### EXERCISE INSTRUCTIONS
Would you give the listing again exactly, without its images?

### INFORMATION GIVEN

**********

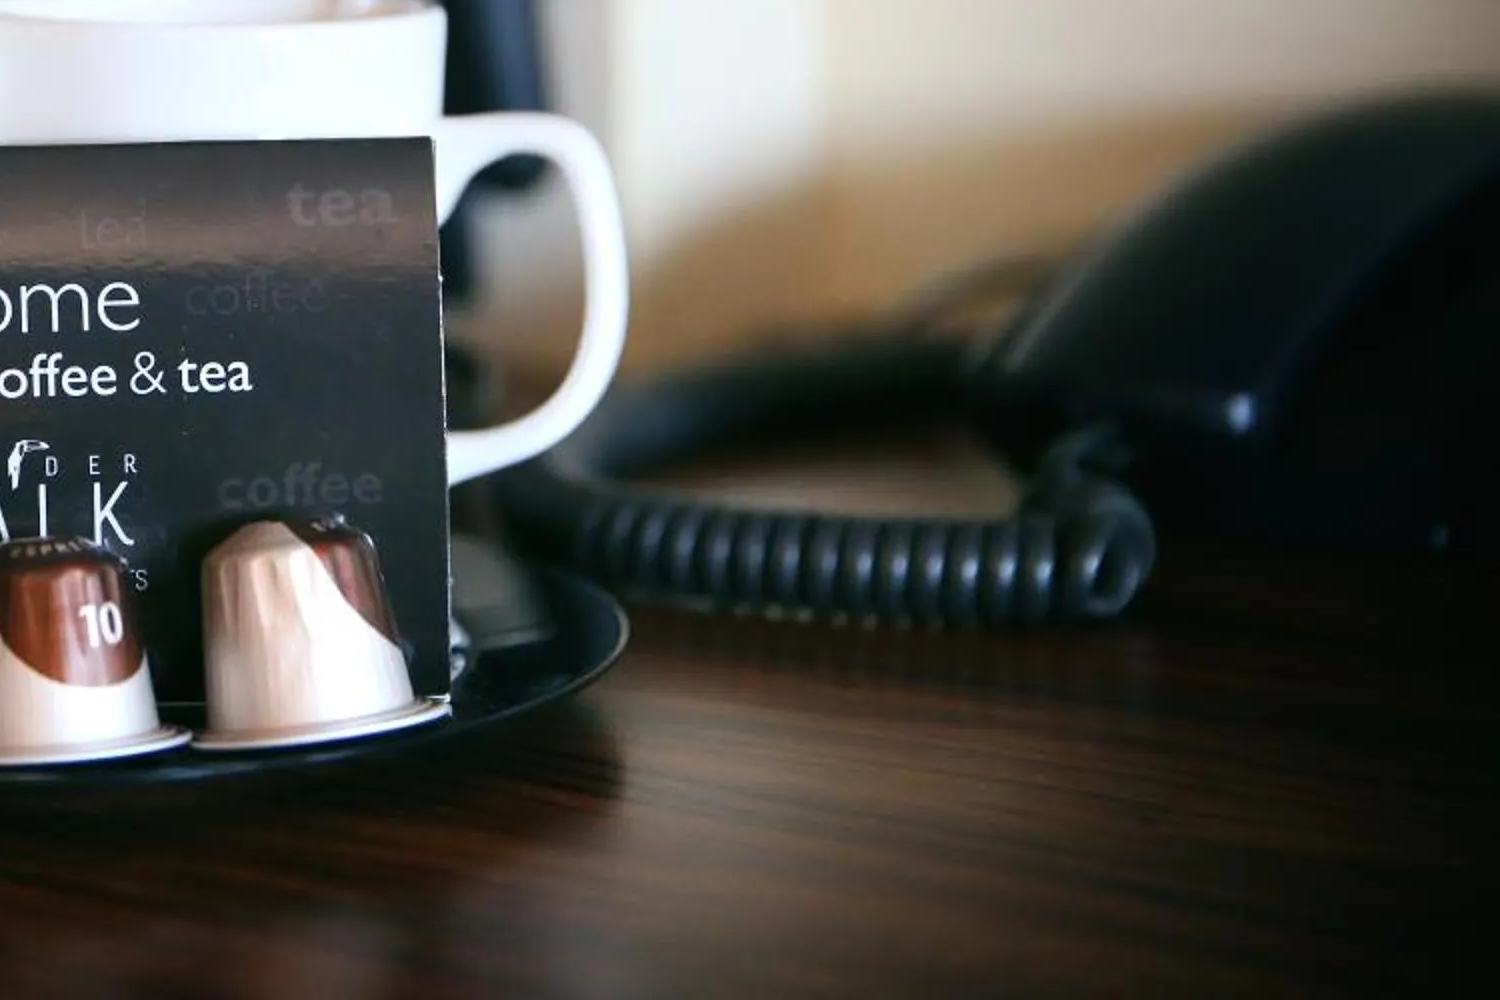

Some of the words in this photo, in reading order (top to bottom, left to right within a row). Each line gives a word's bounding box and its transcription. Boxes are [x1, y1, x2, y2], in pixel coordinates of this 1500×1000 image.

[285, 181, 401, 229] tea
[184, 267, 330, 317] coffee
[129, 351, 168, 395] &
[177, 358, 254, 394] tea
[44, 453, 138, 478] DER
[217, 461, 382, 511] coffee
[78, 601, 124, 648] 10

**********

### EXERCISE OUTPUT
Some of the words in this photo, in reading order (top to bottom, left to right within a row). Each line gives a word's bounding box and its transcription. Boxes are [x1, y1, x2, y2], in pixel coordinates of this 1500×1000 image.

[285, 181, 401, 229] tea
[184, 267, 330, 317] coffee
[129, 351, 168, 395] &
[177, 358, 254, 394] tea
[44, 453, 138, 478] DER
[217, 461, 382, 511] coffee
[78, 601, 124, 648] 10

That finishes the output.